| PROBLEM TO WORK ON |
All of the data needs to be repeated exactly.

[Data records]
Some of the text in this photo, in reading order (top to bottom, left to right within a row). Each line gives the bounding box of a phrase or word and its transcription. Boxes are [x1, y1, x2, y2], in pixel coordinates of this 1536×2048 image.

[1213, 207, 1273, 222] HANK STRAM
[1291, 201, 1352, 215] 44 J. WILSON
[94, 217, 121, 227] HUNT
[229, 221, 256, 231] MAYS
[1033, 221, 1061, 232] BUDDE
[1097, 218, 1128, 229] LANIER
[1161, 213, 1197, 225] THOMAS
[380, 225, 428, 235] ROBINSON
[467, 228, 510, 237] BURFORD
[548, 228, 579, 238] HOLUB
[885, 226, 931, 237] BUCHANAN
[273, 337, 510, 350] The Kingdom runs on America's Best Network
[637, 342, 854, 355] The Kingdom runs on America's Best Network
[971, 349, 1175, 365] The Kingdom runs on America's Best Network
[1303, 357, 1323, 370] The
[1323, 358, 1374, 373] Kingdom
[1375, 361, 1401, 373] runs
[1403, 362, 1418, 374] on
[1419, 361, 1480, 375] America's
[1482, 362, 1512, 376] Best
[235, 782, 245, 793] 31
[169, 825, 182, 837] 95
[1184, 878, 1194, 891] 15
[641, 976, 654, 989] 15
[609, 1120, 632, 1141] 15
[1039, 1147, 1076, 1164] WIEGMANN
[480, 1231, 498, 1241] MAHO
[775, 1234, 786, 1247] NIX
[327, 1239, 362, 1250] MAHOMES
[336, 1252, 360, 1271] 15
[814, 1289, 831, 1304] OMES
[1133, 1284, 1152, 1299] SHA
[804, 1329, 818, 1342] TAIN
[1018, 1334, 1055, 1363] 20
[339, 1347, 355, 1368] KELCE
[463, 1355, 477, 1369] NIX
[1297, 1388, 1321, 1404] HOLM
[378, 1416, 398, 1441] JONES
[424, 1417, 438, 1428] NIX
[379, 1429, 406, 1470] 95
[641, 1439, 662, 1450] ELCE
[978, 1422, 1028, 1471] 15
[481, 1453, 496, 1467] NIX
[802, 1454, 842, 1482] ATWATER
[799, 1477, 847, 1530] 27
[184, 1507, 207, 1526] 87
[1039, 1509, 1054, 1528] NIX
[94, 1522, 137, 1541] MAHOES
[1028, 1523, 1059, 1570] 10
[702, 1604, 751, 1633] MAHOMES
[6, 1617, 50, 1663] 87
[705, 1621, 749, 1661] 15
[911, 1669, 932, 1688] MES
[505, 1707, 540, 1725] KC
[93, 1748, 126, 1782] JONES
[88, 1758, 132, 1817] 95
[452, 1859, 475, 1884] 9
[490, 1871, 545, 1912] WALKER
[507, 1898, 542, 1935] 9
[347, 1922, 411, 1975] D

| ANSWER TO THIS EXERCISE |
Some of the text in this photo, in reading order (top to bottom, left to right within a row). Each line gives the bounding box of a phrase or word and its transcription. Boxes are [x1, y1, x2, y2], in pixel coordinates of this 1536×2048 image.

[1213, 207, 1273, 222] HANK STRAM
[1291, 201, 1352, 215] 44 J. WILSON
[94, 217, 121, 227] HUNT
[229, 221, 256, 231] MAYS
[1033, 221, 1061, 232] BUDDE
[1097, 218, 1128, 229] LANIER
[1161, 213, 1197, 225] THOMAS
[380, 225, 428, 235] ROBINSON
[467, 228, 510, 237] BURFORD
[548, 228, 579, 238] HOLUB
[885, 226, 931, 237] BUCHANAN
[273, 337, 510, 350] The Kingdom runs on America's Best Network
[637, 342, 854, 355] The Kingdom runs on America's Best Network
[971, 349, 1175, 365] The Kingdom runs on America's Best Network
[1303, 357, 1323, 370] The
[1323, 358, 1374, 373] Kingdom
[1375, 361, 1401, 373] runs
[1403, 362, 1418, 374] on
[1419, 361, 1480, 375] America's
[1482, 362, 1512, 376] Best
[235, 782, 245, 793] 31
[169, 825, 182, 837] 95
[1184, 878, 1194, 891] 15
[641, 976, 654, 989] 15
[609, 1120, 632, 1141] 15
[1039, 1147, 1076, 1164] WIEGMANN
[480, 1231, 498, 1241] MAHO
[775, 1234, 786, 1247] NIX
[327, 1239, 362, 1250] MAHOMES
[336, 1252, 360, 1271] 15
[814, 1289, 831, 1304] OMES
[1133, 1284, 1152, 1299] SHA
[804, 1329, 818, 1342] TAIN
[1018, 1334, 1055, 1363] 20
[339, 1347, 355, 1368] KELCE
[463, 1355, 477, 1369] NIX
[1297, 1388, 1321, 1404] HOLM
[378, 1416, 398, 1441] JONES
[424, 1417, 438, 1428] NIX
[379, 1429, 406, 1470] 95
[641, 1439, 662, 1450] ELCE
[978, 1422, 1028, 1471] 15
[481, 1453, 496, 1467] NIX
[802, 1454, 842, 1482] ATWATER
[799, 1477, 847, 1530] 27
[184, 1507, 207, 1526] 87
[1039, 1509, 1054, 1528] NIX
[94, 1522, 137, 1541] MAHOES
[1028, 1523, 1059, 1570] 10
[702, 1604, 751, 1633] MAHOMES
[6, 1617, 50, 1663] 87
[705, 1621, 749, 1661] 15
[911, 1669, 932, 1688] MES
[505, 1707, 540, 1725] KC
[93, 1748, 126, 1782] JONES
[88, 1758, 132, 1817] 95
[452, 1859, 475, 1884] 9
[490, 1871, 545, 1912] WALKER
[507, 1898, 542, 1935] 9
[347, 1922, 411, 1975] D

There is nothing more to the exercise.